Paper long abstract:
Oyamada Tomokiyo, a nativist scholar of the Edo period, left behind a personally-annotated copy of the Man’yōshū whose commentary, upon close examination, presents a number of notable characteristics. In particular, it betrays an apparent tendency towards philological irrationality, with Tomokiyo frequently supporting his arguments about the ancient Man’yōshū, not only with citations from much later works, but even with reference to the colloquial language of contemporary Edo. This is all the more surprising in light of exhortations by Tomokiyo himself in other works specifically not to thus rely on later documents, but instead to cite primary texts of relevant age. Such annotations might plausibly be marshaled as evidence for the charge of (at the least) methodological self-contradiction. There are, however, not only grounds for hesitating with the accusation, but reasons even to suspect that the appearance here of error expresses rather a purpose different from “logical commentary” altogether.
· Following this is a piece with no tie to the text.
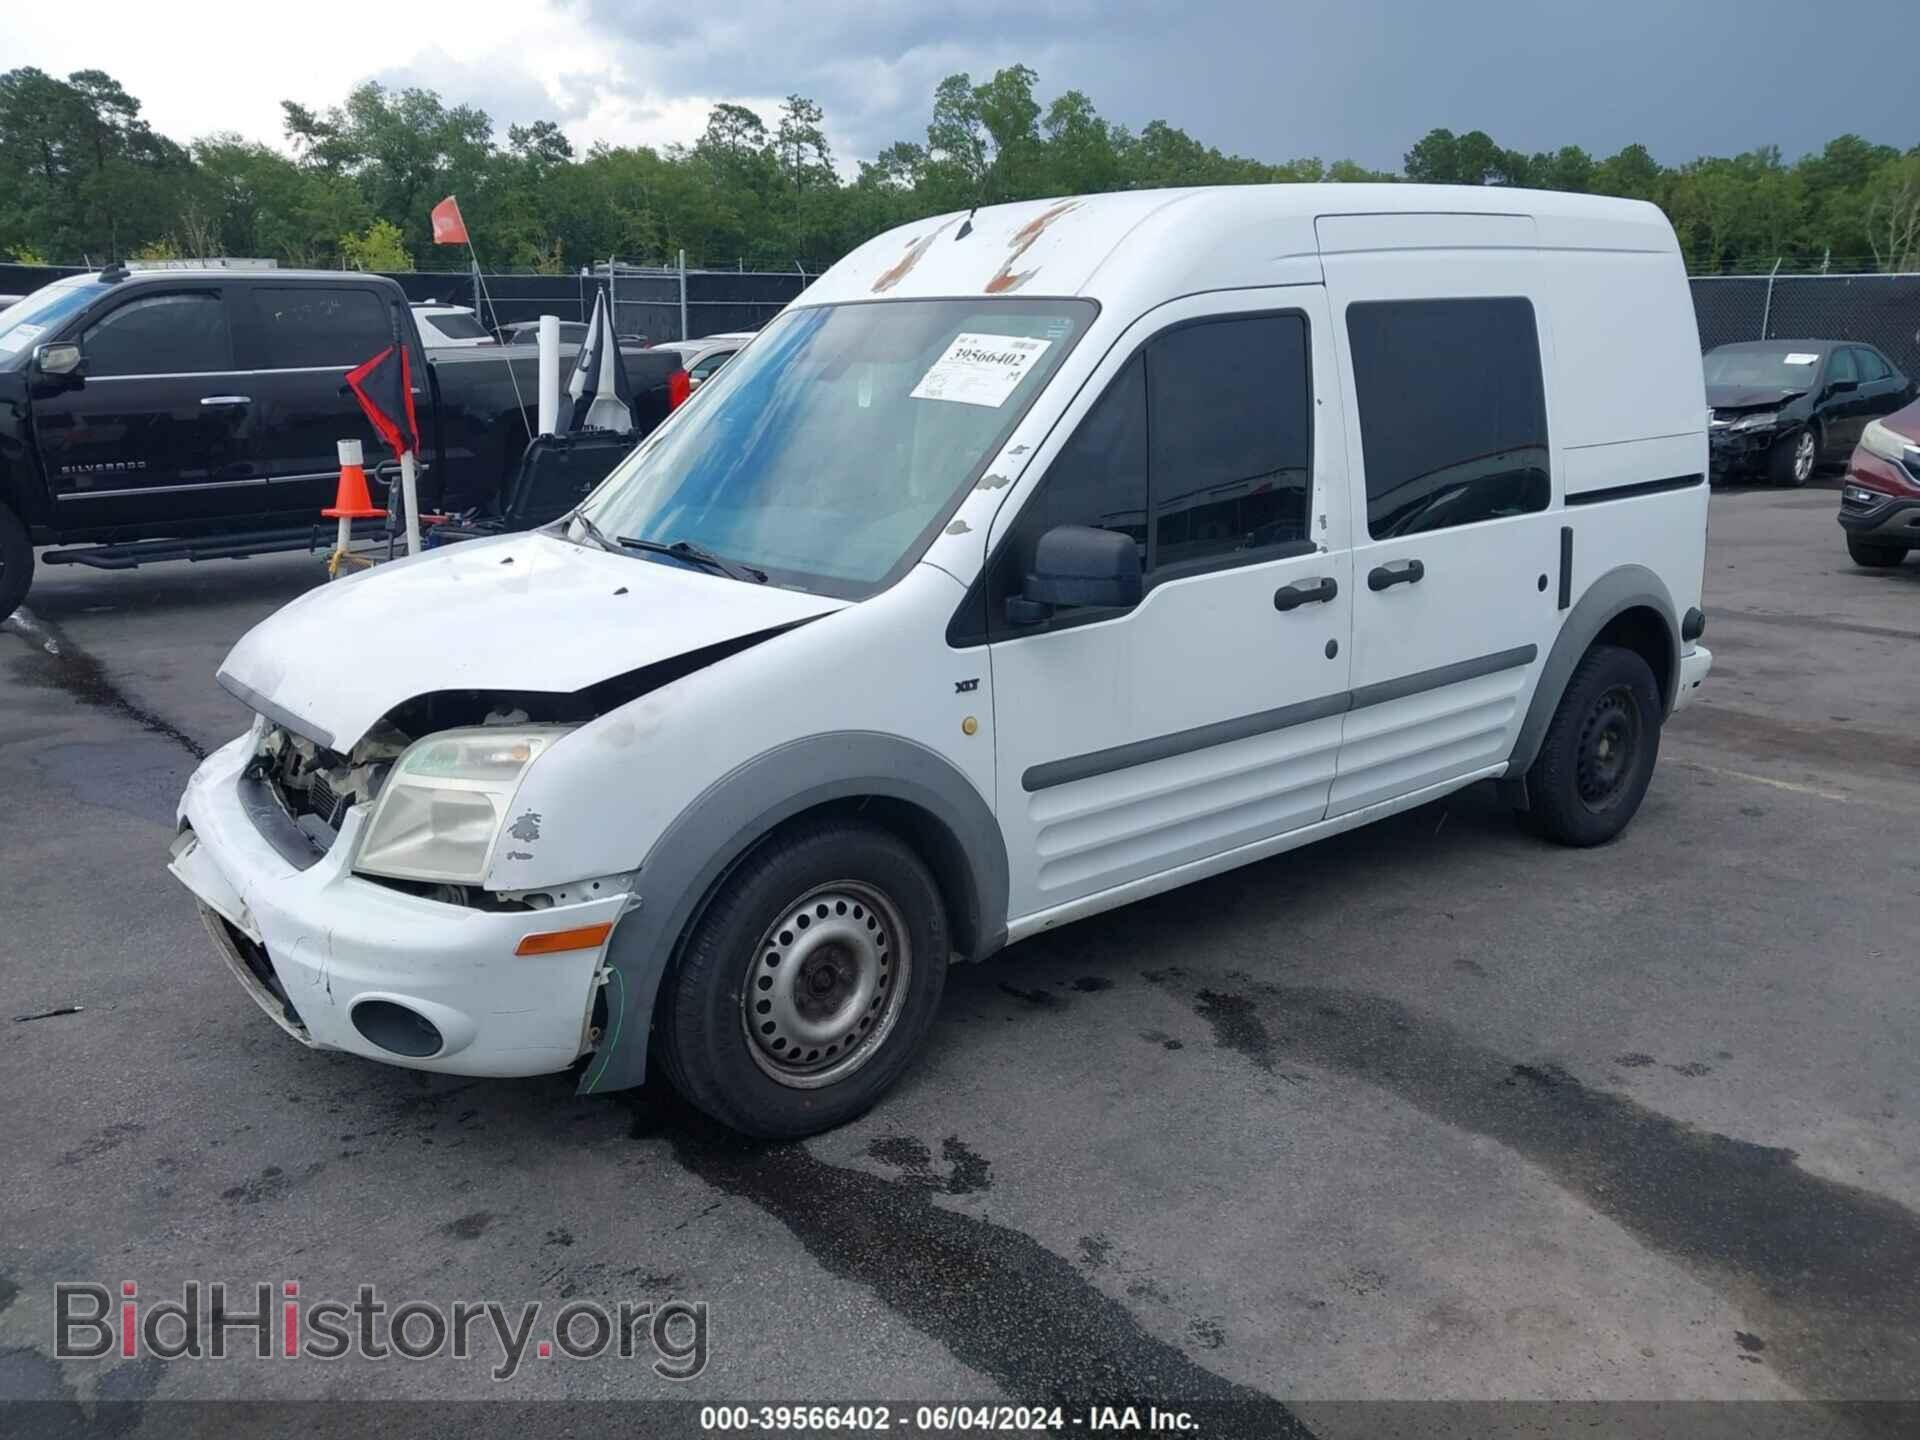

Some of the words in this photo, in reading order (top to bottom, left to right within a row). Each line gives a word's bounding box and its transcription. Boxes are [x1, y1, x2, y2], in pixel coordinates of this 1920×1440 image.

[950, 348, 1026, 367] 39566402
[62, 461, 146, 473] SILVERADO
[955, 678, 980, 694] XLT
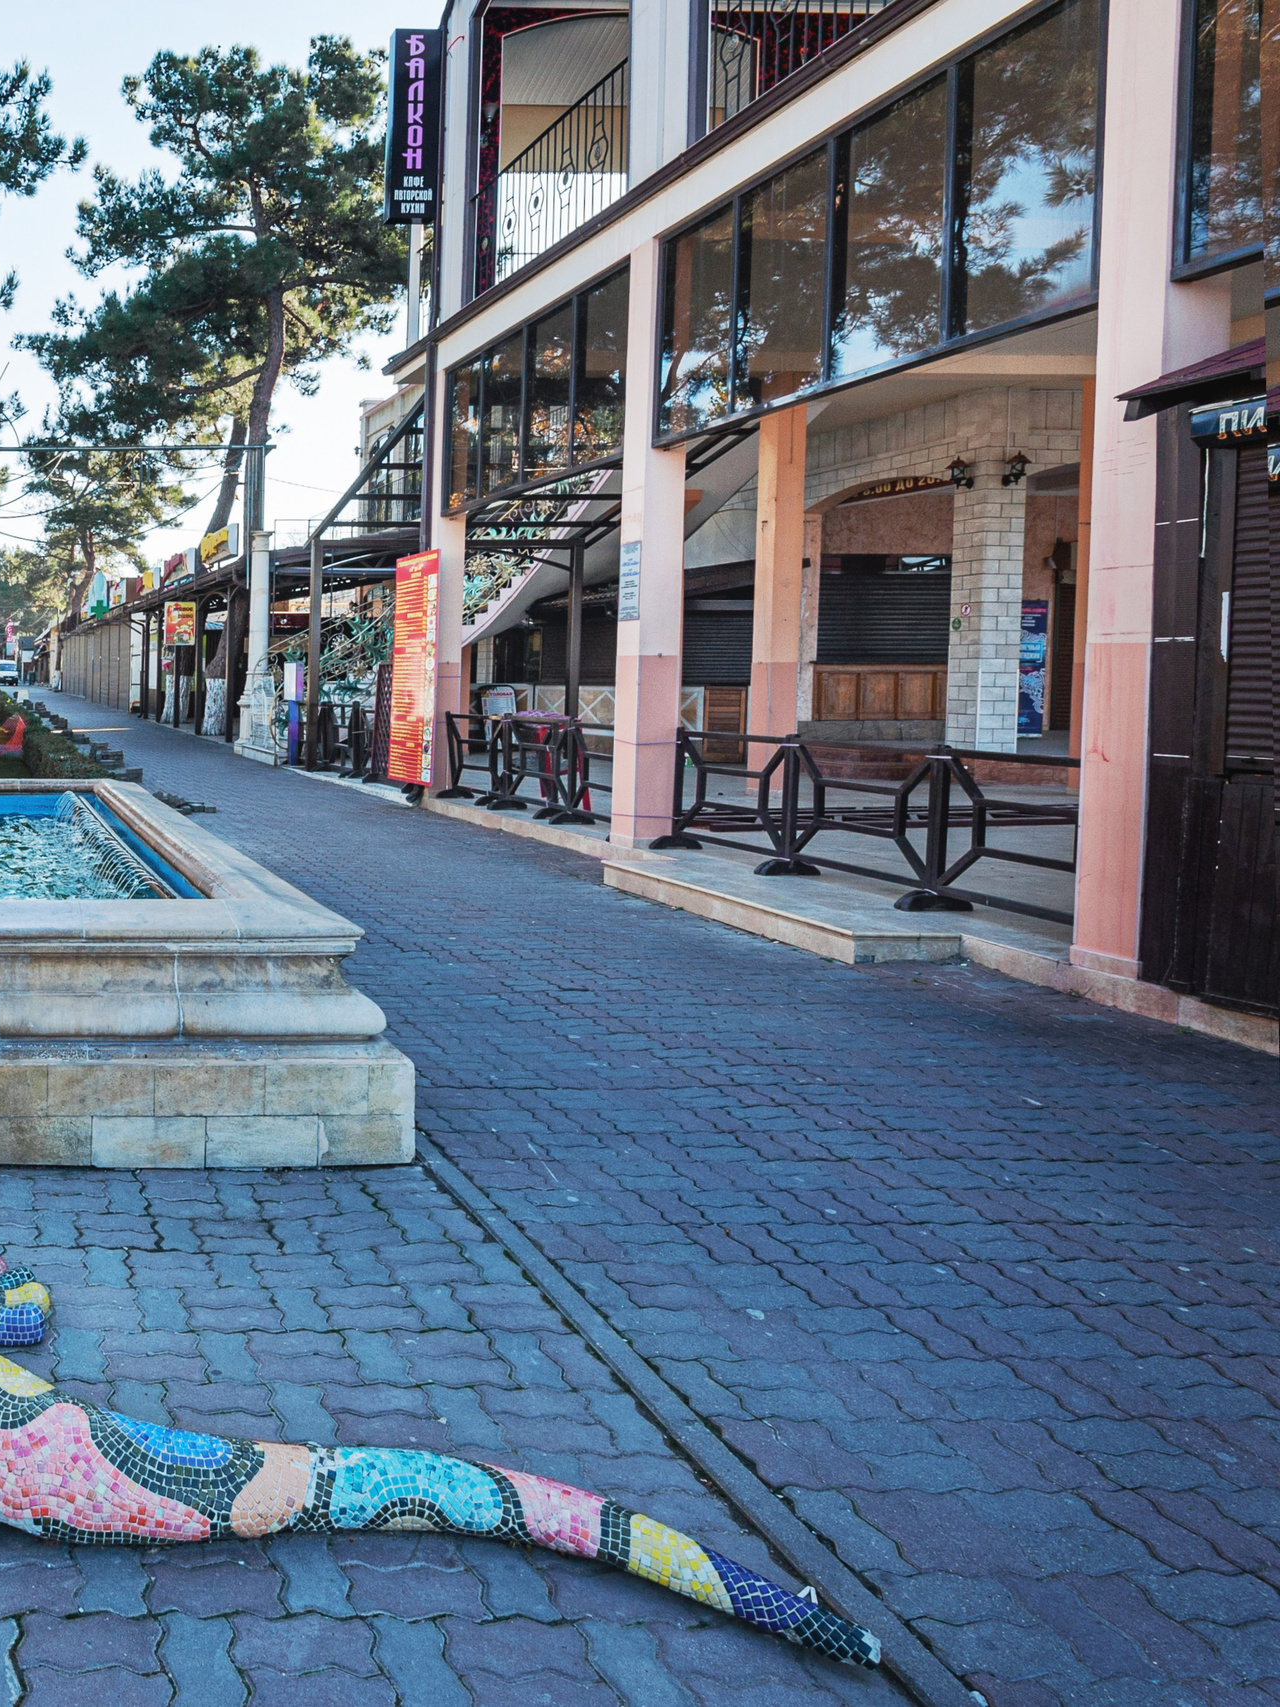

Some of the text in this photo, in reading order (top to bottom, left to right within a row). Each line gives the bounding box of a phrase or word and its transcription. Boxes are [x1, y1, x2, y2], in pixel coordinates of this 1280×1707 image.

This alternative aim, I argue, lies in provision of a new tool, designed not for the exegetical reference of a single work, but rather for the search of a whole corpus. Such a tool would allow its users to trace the appearance of particular words and expressions across a broad range of different works annotated likewise. Fundamentally enabling this functionality were omnibus indexes, which contained information, spanning a library of works, on usage examples for particular items of vocabulary. Over the course of his life, Tomokiyo produced a large number of such indexes. With cases like his in mind, I propose to consider commentary as a phenomenon broader in scope than traditionally recognized, as indicating instead a wide array of activities both distinct yet akin, where exegetical annotations stand along a continuum with dictionaries and lexical indexes.
Focusing on Tomokiyo’s own contributions as illustrative examples of such a framework, I attempt to rethink “commentary” thus as an expansive category of endeavor serving a diversity of aims beyond that of “logical” interpretation alone. I show how in the early modern period it developed into what might be called a new system, one purposed for the weaving together of “language networks” at unprecedented scale.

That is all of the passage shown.